Spatial localization data
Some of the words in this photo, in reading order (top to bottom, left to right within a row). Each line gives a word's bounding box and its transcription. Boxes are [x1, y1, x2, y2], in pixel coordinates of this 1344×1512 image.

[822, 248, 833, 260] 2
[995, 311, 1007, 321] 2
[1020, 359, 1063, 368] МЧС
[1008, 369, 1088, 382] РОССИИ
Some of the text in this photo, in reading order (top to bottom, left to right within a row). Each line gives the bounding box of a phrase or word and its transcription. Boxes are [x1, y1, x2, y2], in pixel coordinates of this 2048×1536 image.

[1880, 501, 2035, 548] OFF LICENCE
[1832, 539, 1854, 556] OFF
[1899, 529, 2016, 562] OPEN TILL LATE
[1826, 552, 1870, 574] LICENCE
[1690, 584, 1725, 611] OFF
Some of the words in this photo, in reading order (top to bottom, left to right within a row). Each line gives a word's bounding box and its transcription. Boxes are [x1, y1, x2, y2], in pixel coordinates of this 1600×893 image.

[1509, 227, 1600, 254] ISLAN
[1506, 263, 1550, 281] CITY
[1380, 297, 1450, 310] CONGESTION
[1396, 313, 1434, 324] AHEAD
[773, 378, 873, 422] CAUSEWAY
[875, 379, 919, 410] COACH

▸ **TASK TO COMPLETE**:
Keep to the lines from the one containing "Some of the text" to the end of the entries above, and retype them exactly.

▸ **RESPONSE TO THE TASK**:
Some of the text in this photo, in reading order (top to bottom, left to right within a row). Each line gives the bounding box of a phrase or word and its transcription. Boxes are [x1, y1, x2, y2], in pixel coordinates of this 2048×1536 image.

[1880, 501, 2035, 548] OFF LICENCE
[1832, 539, 1854, 556] OFF
[1899, 529, 2016, 562] OPEN TILL LATE
[1826, 552, 1870, 574] LICENCE
[1690, 584, 1725, 611] OFF
Some of the words in this photo, in reading order (top to bottom, left to right within a row). Each line gives a word's bounding box and its transcription. Boxes are [x1, y1, x2, y2], in pixel coordinates of this 1600×893 image.

[1509, 227, 1600, 254] ISLAN
[1506, 263, 1550, 281] CITY
[1380, 297, 1450, 310] CONGESTION
[1396, 313, 1434, 324] AHEAD
[773, 378, 873, 422] CAUSEWAY
[875, 379, 919, 410] COACH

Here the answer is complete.